WORK TO BE COMPLETED
Nothing but the text should be carried over: reproduce all the data exactly and leave out every image.

++++ DATA SECTION

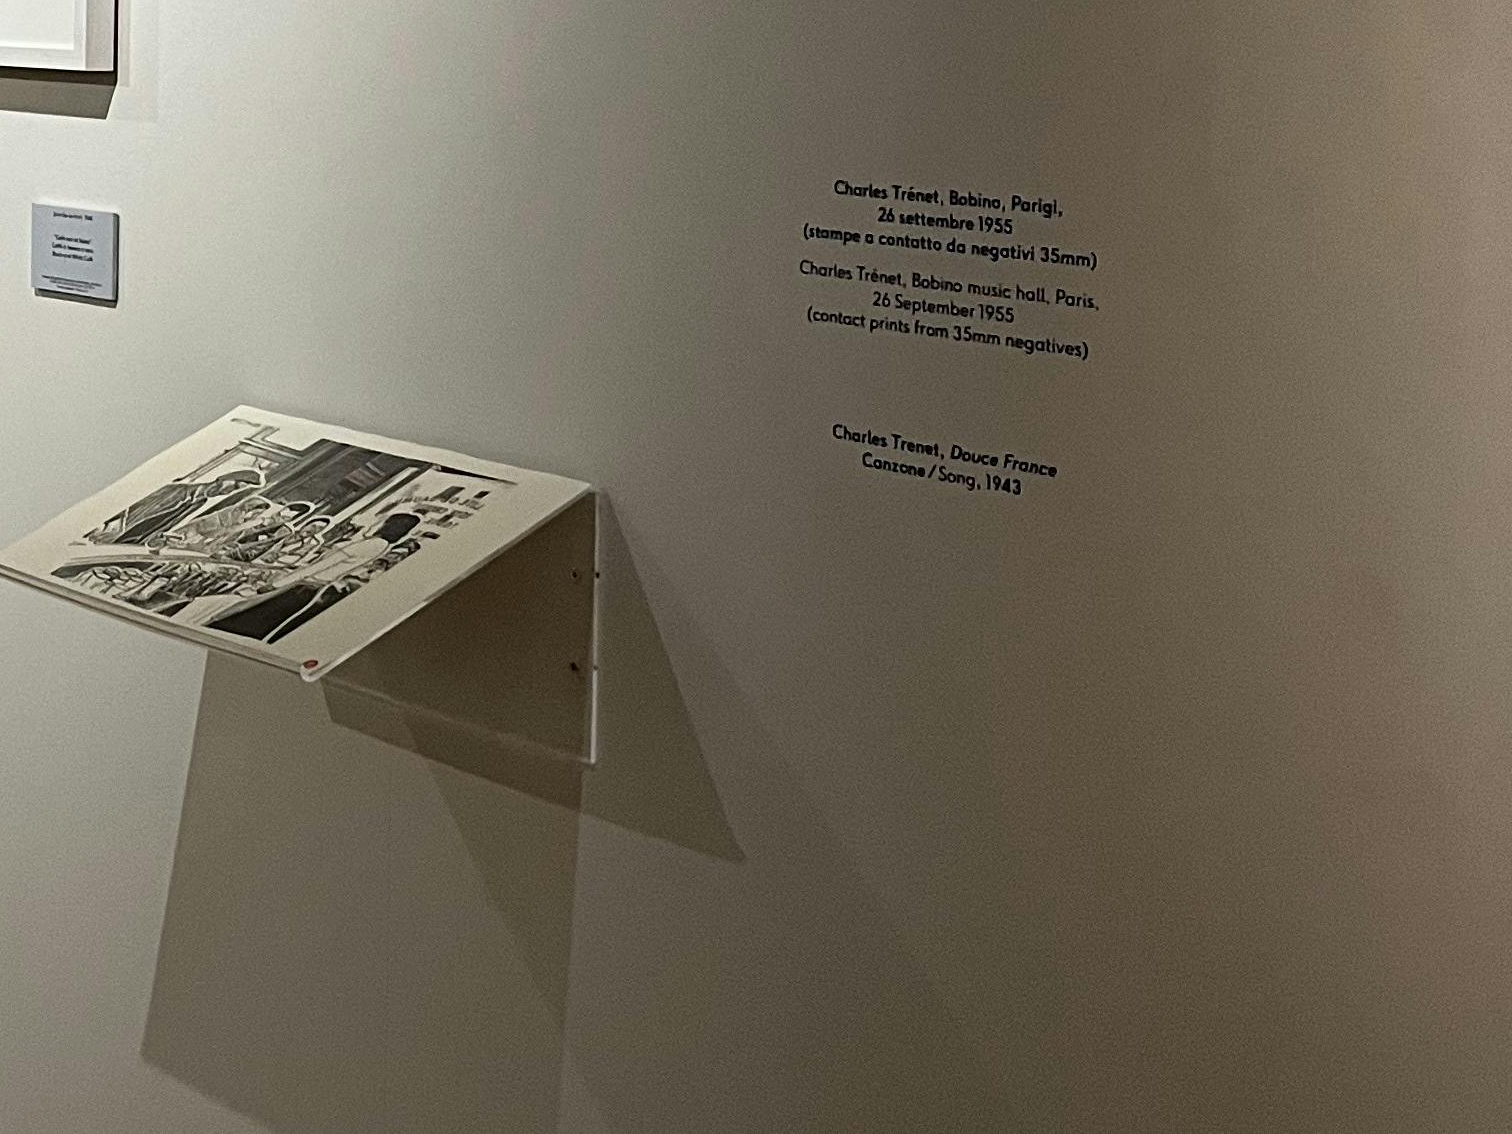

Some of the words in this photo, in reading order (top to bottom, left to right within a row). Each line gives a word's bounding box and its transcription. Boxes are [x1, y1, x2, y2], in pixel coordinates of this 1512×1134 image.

[834, 180, 888, 199] Charles
[892, 184, 944, 206] Trénet,
[949, 189, 1006, 212] Bobino,
[1011, 195, 1063, 218] Parigi,
[877, 207, 895, 222] 26
[899, 212, 975, 230] settembre
[979, 216, 1013, 235] 1955
[803, 222, 861, 245] (stampe
[865, 233, 874, 245] a
[878, 234, 942, 251] contatto
[946, 237, 966, 253] da
[971, 245, 1035, 262] negativi
[1040, 247, 1098, 271] 35mm)
[800, 259, 853, 280] Charles
[856, 266, 907, 288] Trénet,
[912, 272, 963, 293] Bobino
[967, 282, 1012, 299] music
[1016, 284, 1050, 305] hall,
[1055, 289, 1099, 311] Paris,
[872, 291, 891, 307] 26
[895, 294, 975, 318] September
[978, 304, 1015, 323] 1955
[807, 306, 866, 328] (contact
[869, 315, 910, 333] prints
[914, 319, 949, 339] from
[953, 325, 1001, 346] 35mm
[1005, 336, 1089, 361] negatives)
[832, 423, 888, 448] Charles
[891, 433, 945, 459] Trenet,
[950, 444, 999, 467] Douce
[1003, 454, 1058, 477] France
[986, 473, 1022, 495] 1943
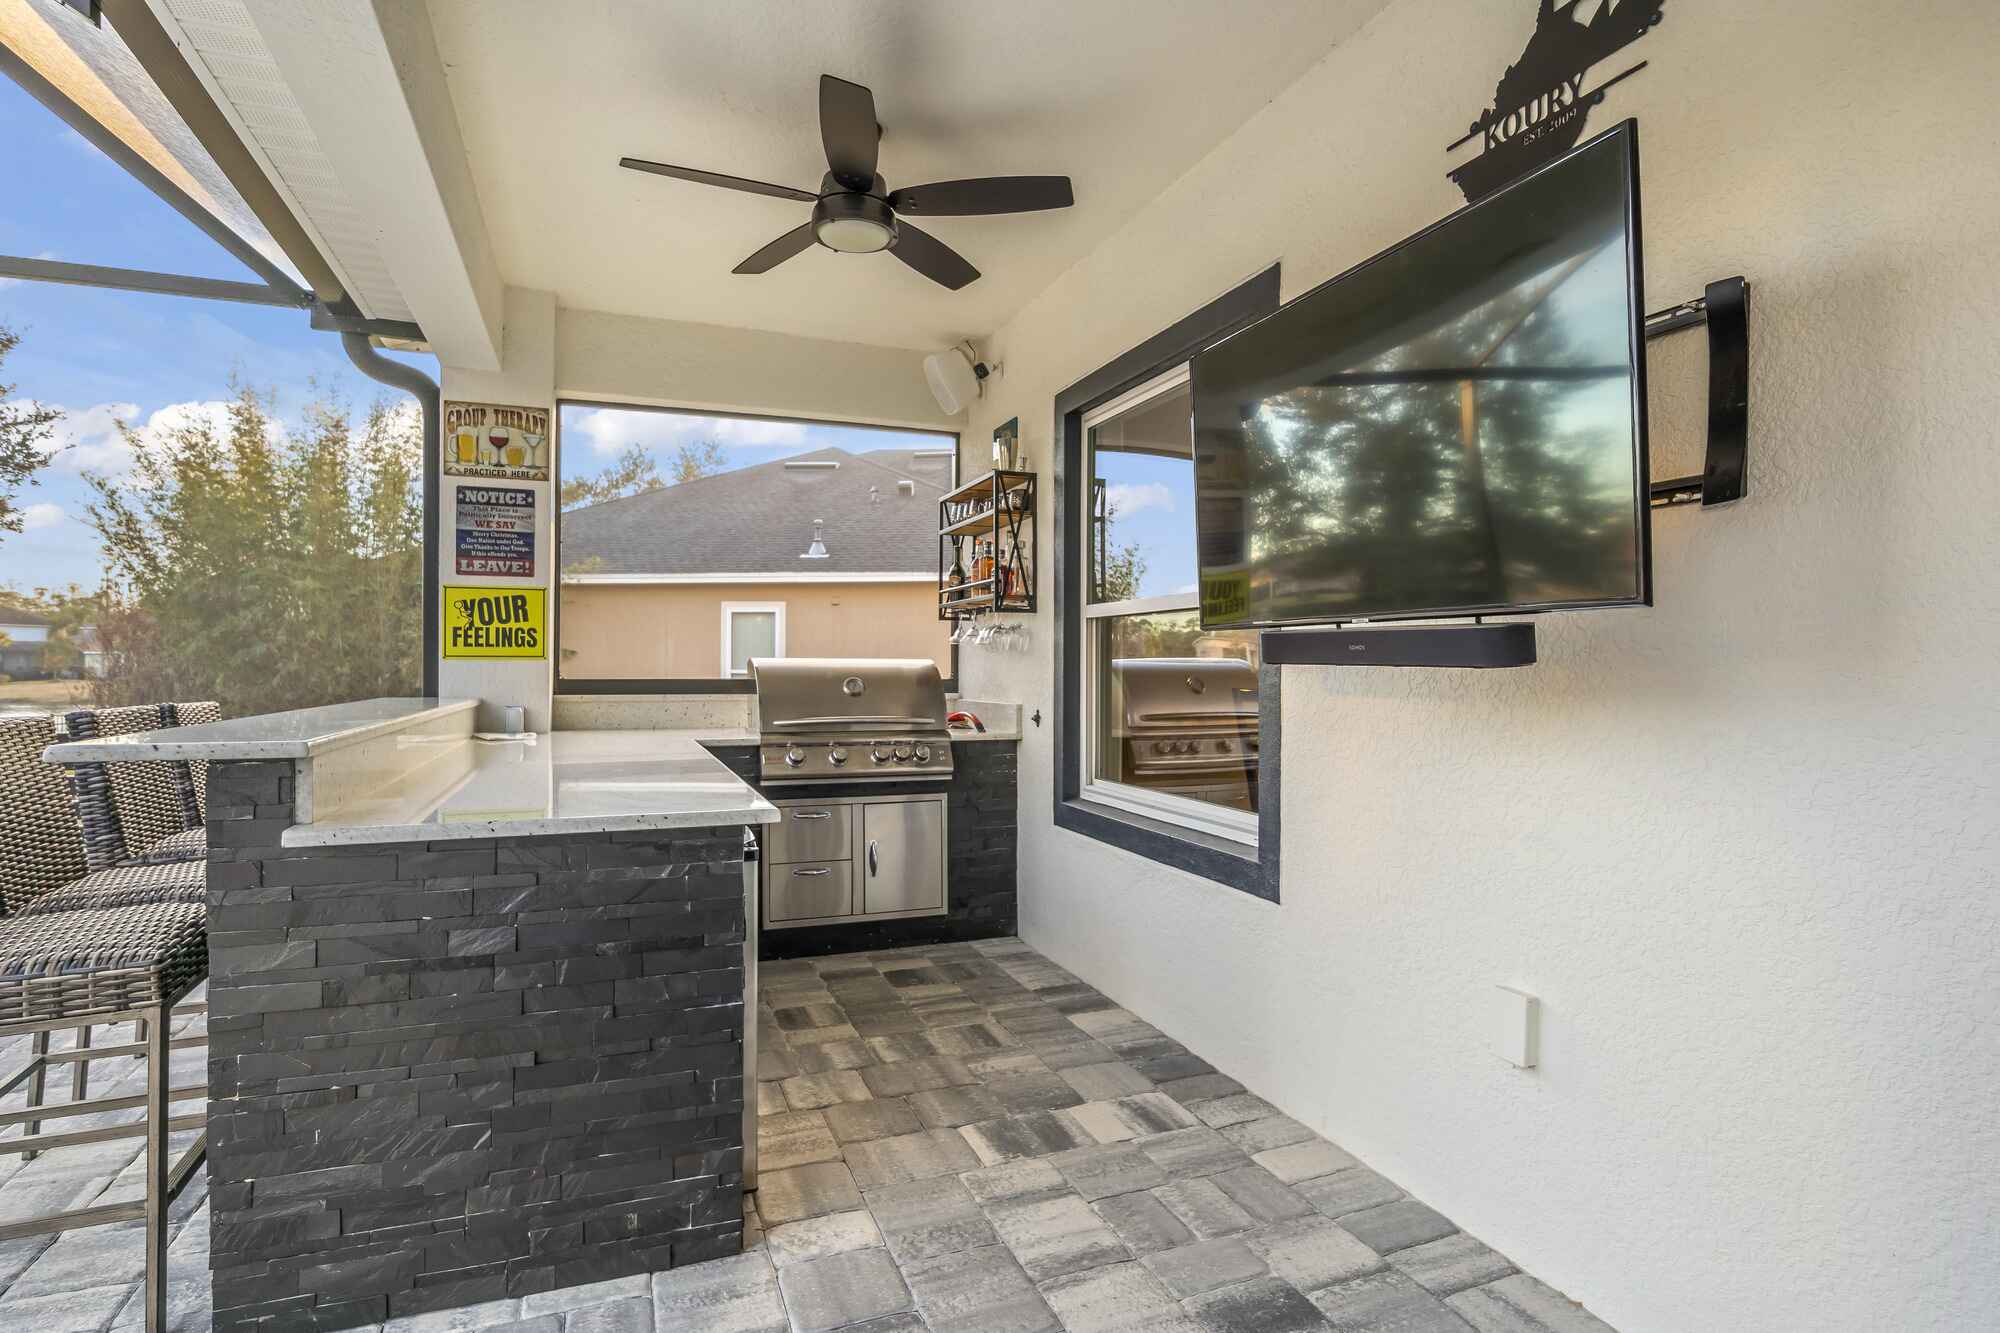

++++++++

WRITTEN RESPONSE
Some of the words in this photo, in reading order (top to bottom, left to right within a row). Each line gives a word's bounding box and its transcription. Boxes are [x1, y1, x2, y2], in pixel coordinates of this 1512×1134 image.

[834, 180, 888, 199] Charles
[892, 184, 944, 206] Trénet,
[949, 189, 1006, 212] Bobino,
[1011, 195, 1063, 218] Parigi,
[877, 207, 895, 222] 26
[899, 212, 975, 230] settembre
[979, 216, 1013, 235] 1955
[803, 222, 861, 245] (stampe
[865, 233, 874, 245] a
[878, 234, 942, 251] contatto
[946, 237, 966, 253] da
[971, 245, 1035, 262] negativi
[1040, 247, 1098, 271] 35mm)
[800, 259, 853, 280] Charles
[856, 266, 907, 288] Trénet,
[912, 272, 963, 293] Bobino
[967, 282, 1012, 299] music
[1016, 284, 1050, 305] hall,
[1055, 289, 1099, 311] Paris,
[872, 291, 891, 307] 26
[895, 294, 975, 318] September
[978, 304, 1015, 323] 1955
[807, 306, 866, 328] (contact
[869, 315, 910, 333] prints
[914, 319, 949, 339] from
[953, 325, 1001, 346] 35mm
[1005, 336, 1089, 361] negatives)
[832, 423, 888, 448] Charles
[891, 433, 945, 459] Trenet,
[950, 444, 999, 467] Douce
[1003, 454, 1058, 477] France
[986, 473, 1022, 495] 1943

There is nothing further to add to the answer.